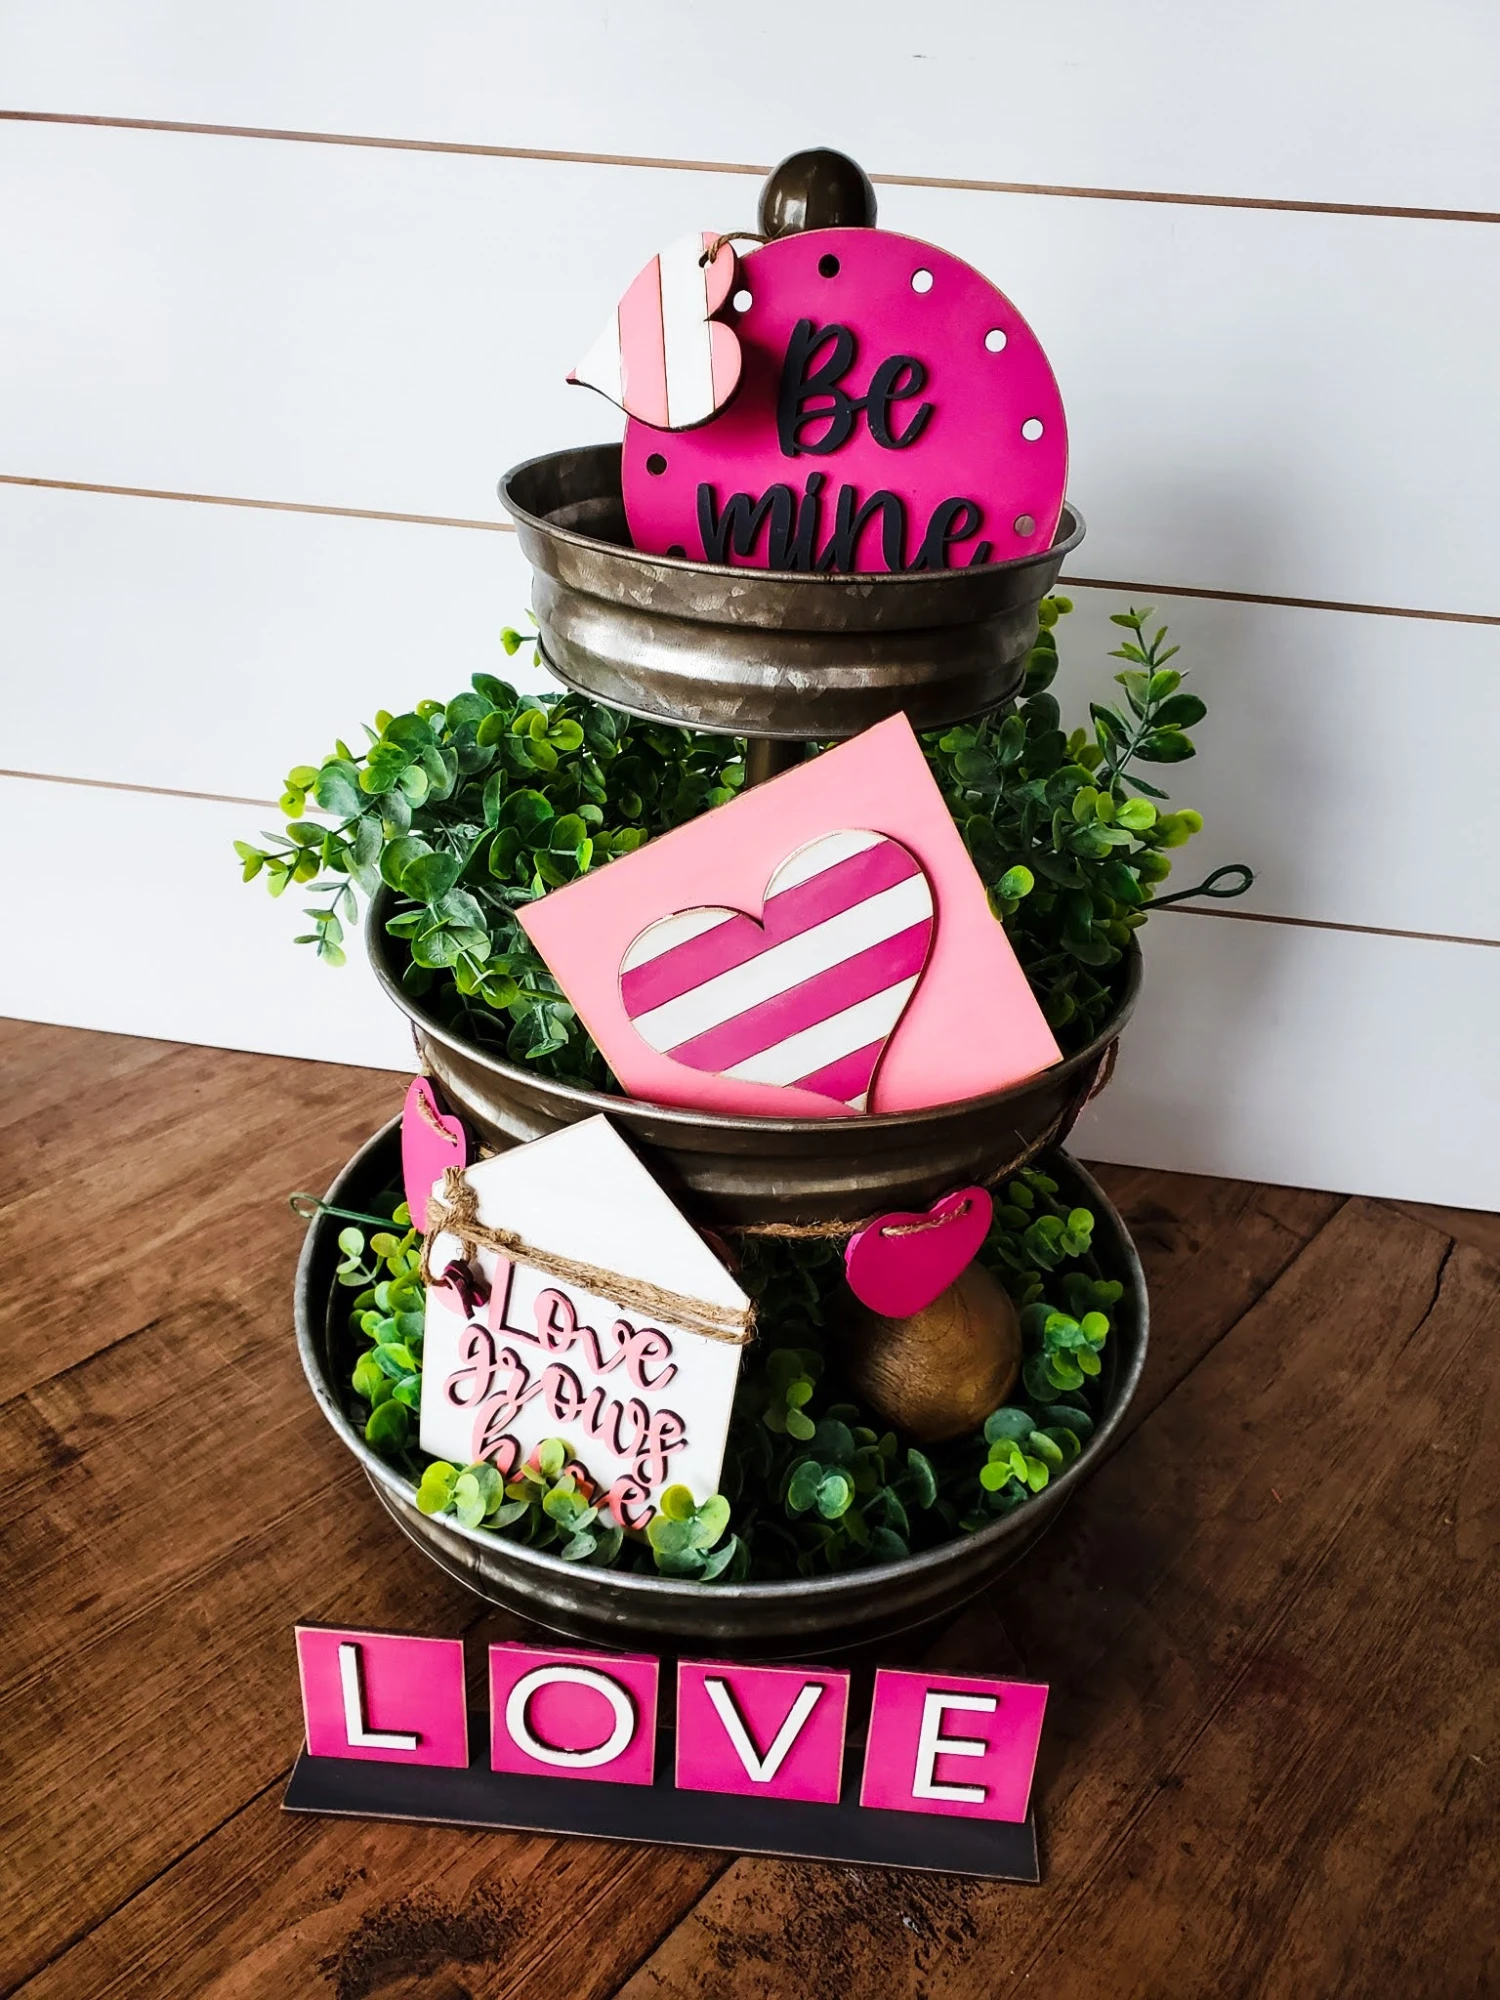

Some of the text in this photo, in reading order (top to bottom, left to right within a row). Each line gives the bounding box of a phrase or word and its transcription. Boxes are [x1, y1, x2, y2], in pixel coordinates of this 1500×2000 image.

[776, 318, 934, 458] Be
[696, 471, 993, 574] mine
[488, 1255, 679, 1392] Love
[443, 1323, 689, 1488] grows
[337, 1641, 998, 1804] LOVE
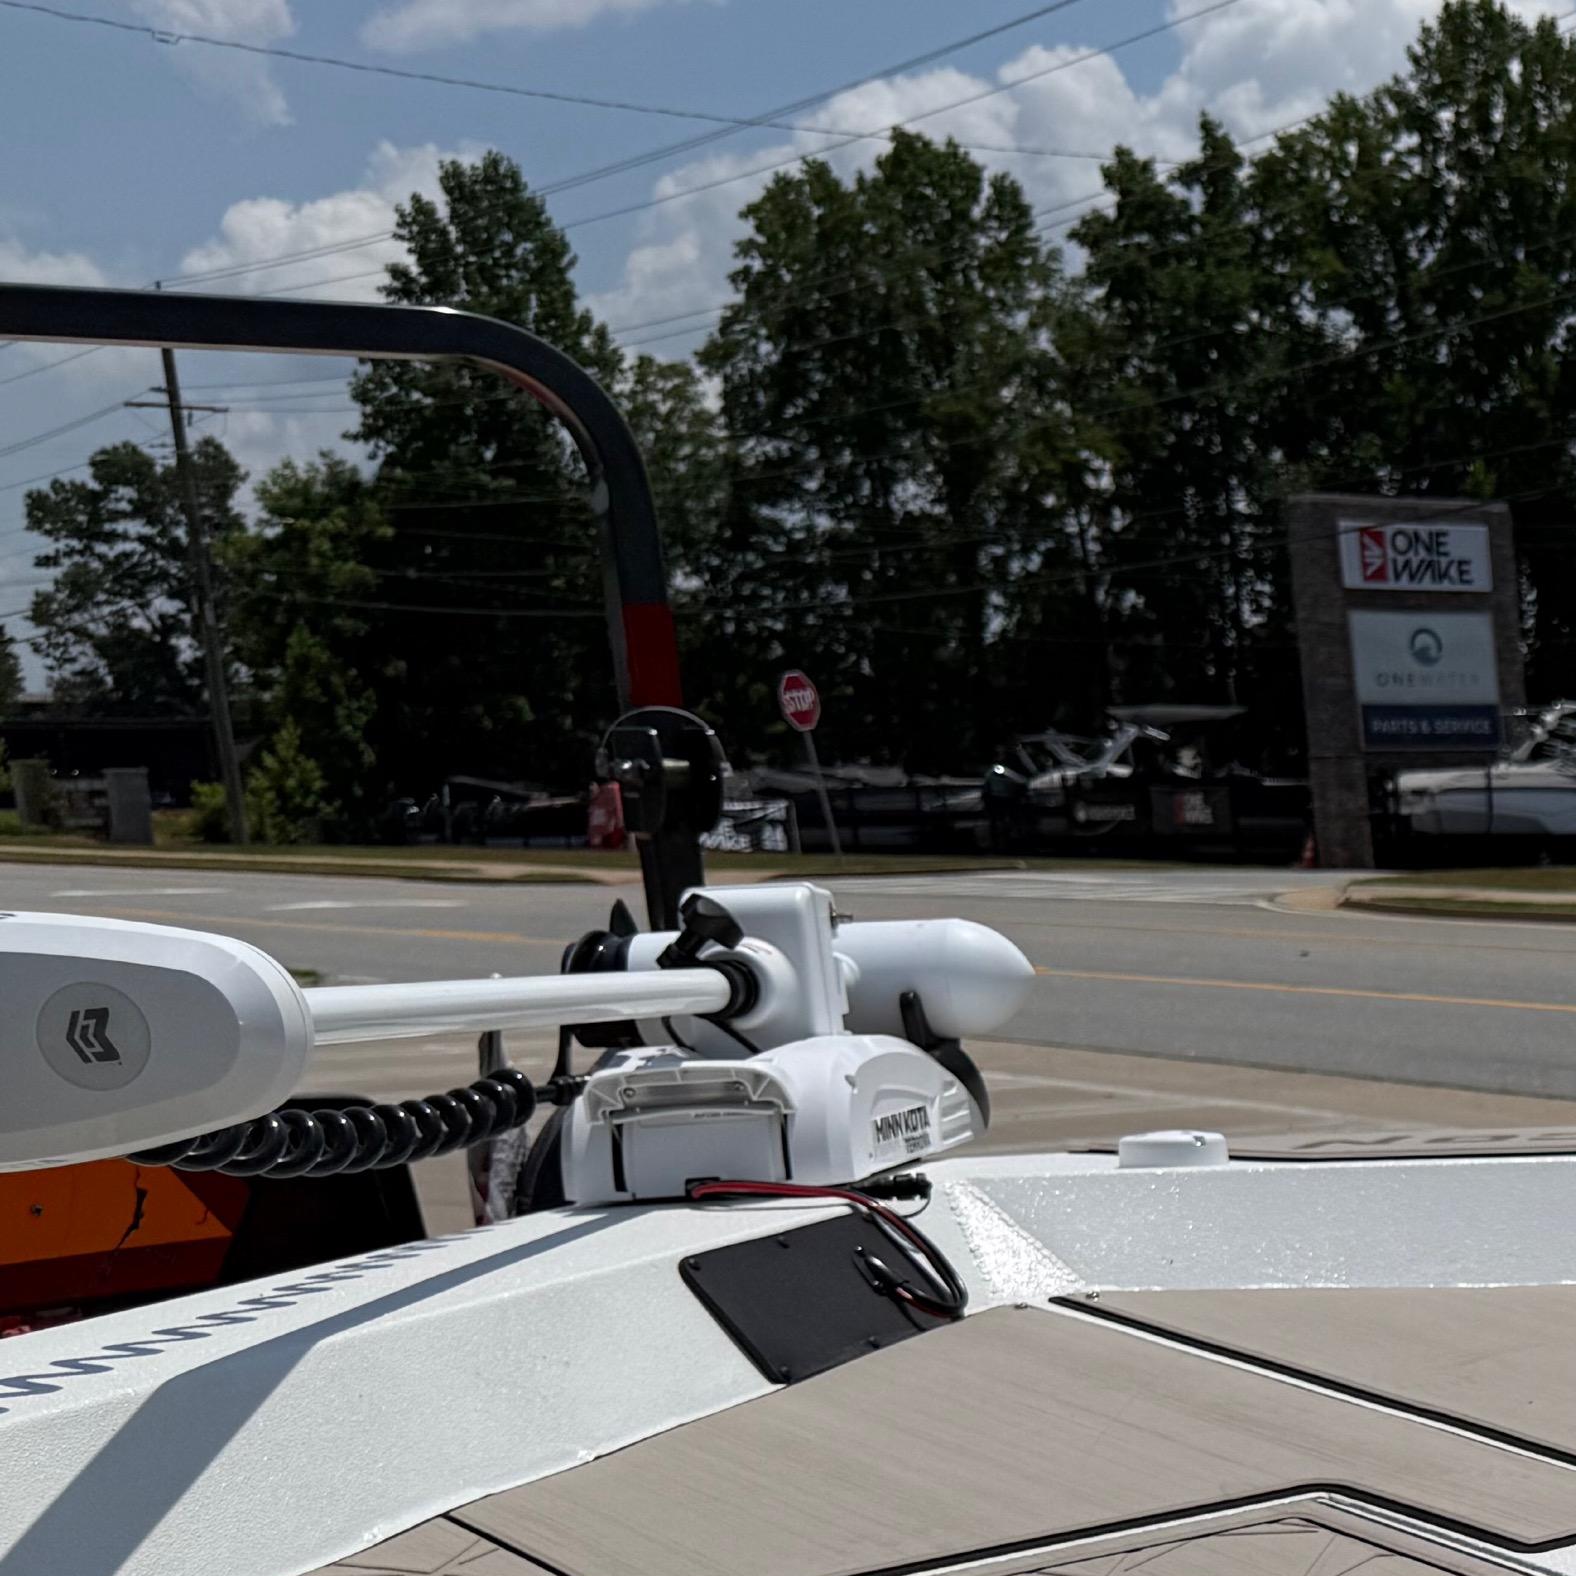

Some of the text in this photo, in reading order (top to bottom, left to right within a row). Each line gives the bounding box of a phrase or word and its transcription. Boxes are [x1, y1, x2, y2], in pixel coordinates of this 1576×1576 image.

[1391, 530, 1450, 557] ONE
[1391, 557, 1474, 585] WAKE
[782, 687, 815, 714] STOP
[1371, 718, 1418, 735] PARTS
[1432, 718, 1494, 735] SERVICE
[874, 1105, 931, 1144] MINN KOTA
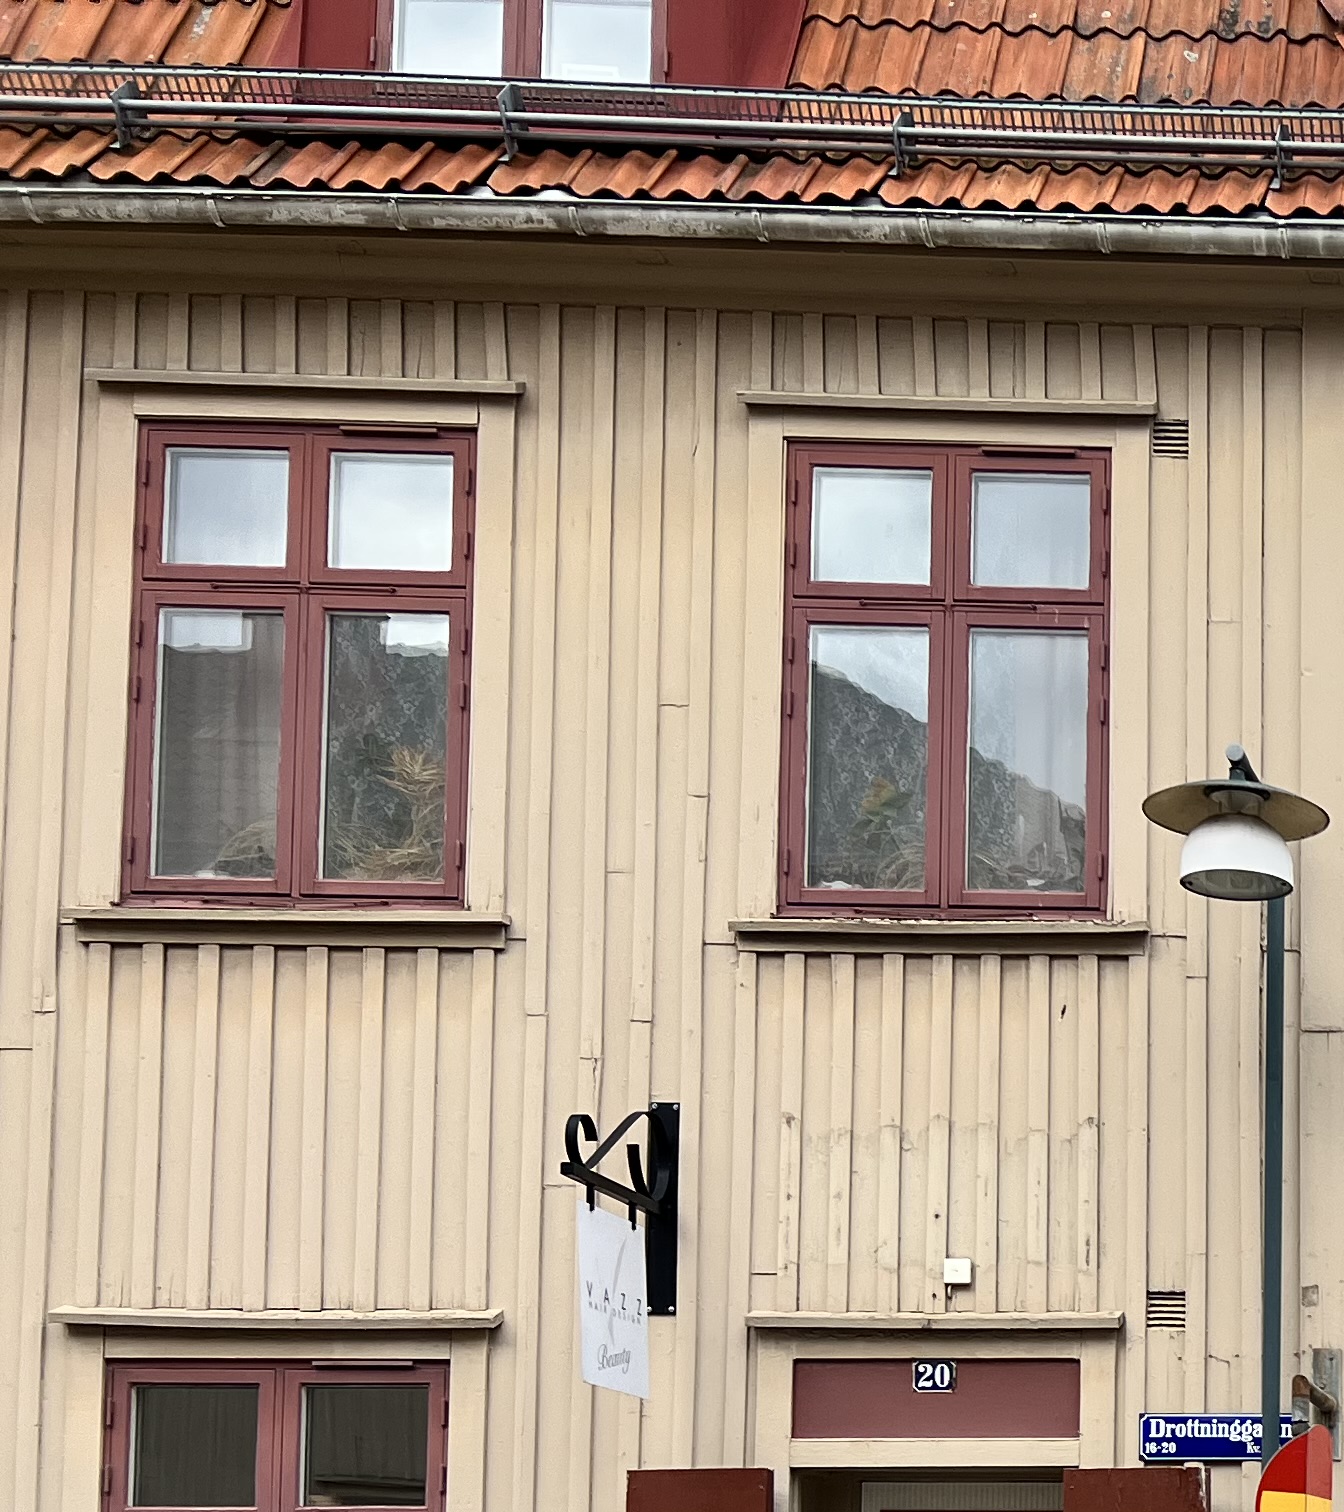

^^^^^^^^

**Exercise description:**
In the answer, give only the lines from the one containing "this 1576×1576 image." through the end of the records above, each reproduced exactly. Include no pictures.

**Response for this exercise:**
Some of the text in this photo, in reading order (top to bottom, left to right within a row). Each line gives the bounding box of a phrase or word and its transcription. Boxes are [x1, y1, x2, y2], in pixel coordinates of this 1576×1576 image.

[1391, 530, 1450, 557] ONE
[1391, 557, 1474, 585] WAKE
[782, 687, 815, 714] STOP
[1371, 718, 1418, 735] PARTS
[1432, 718, 1494, 735] SERVICE
[874, 1105, 931, 1144] MINN KOTA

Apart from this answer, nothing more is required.